[WHAT YOU NEED TO DO]:
Word for word, copy the records and drop the pictures.

--- RECORDS FOR THIS TASK Enclosed Below ---

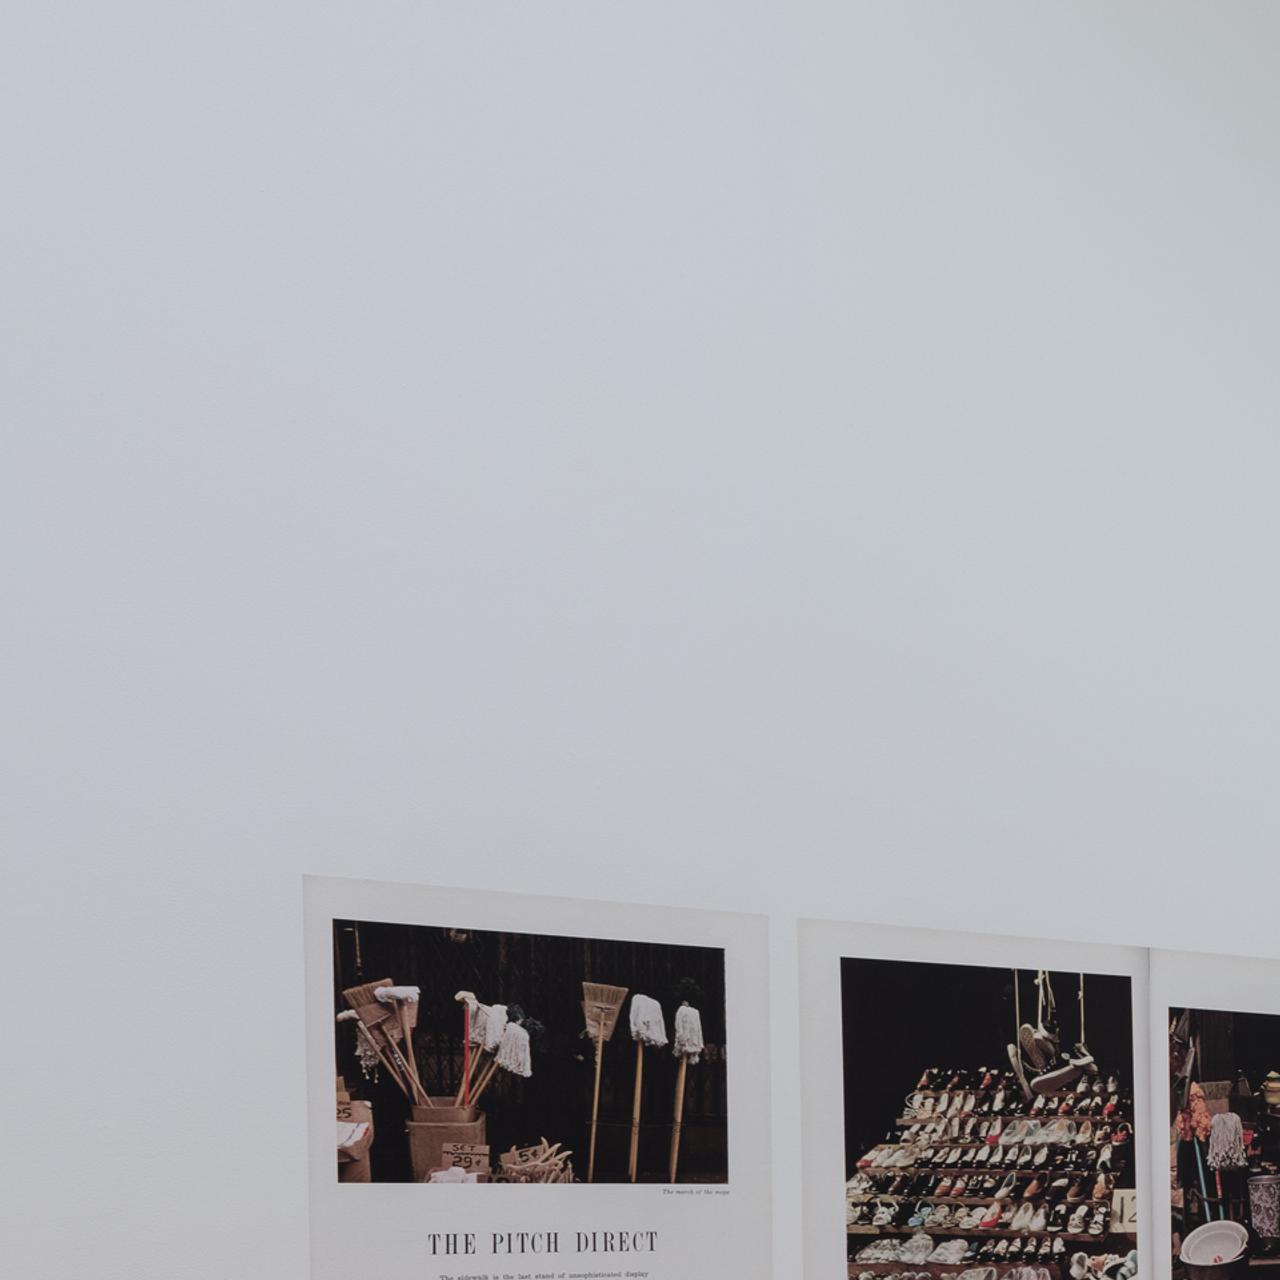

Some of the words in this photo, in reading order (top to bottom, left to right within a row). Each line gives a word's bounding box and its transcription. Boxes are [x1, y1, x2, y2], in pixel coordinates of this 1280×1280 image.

[428, 1232, 476, 1255] THE
[492, 1231, 560, 1254] PITCH
[576, 1230, 659, 1253] DIRECT
[457, 1273, 489, 1280] sidewalk
[568, 1271, 622, 1280] unsophisticated
[625, 1271, 648, 1279] display

--- End of Enclosed RECORDS FOR THIS TASK ---

[WRITTEN ANSWER]:
Some of the words in this photo, in reading order (top to bottom, left to right within a row). Each line gives a word's bounding box and its transcription. Boxes are [x1, y1, x2, y2], in pixel coordinates of this 1280×1280 image.

[428, 1232, 476, 1255] THE
[492, 1231, 560, 1254] PITCH
[576, 1230, 659, 1253] DIRECT
[457, 1273, 489, 1280] sidewalk
[568, 1271, 622, 1280] unsophisticated
[625, 1271, 648, 1279] display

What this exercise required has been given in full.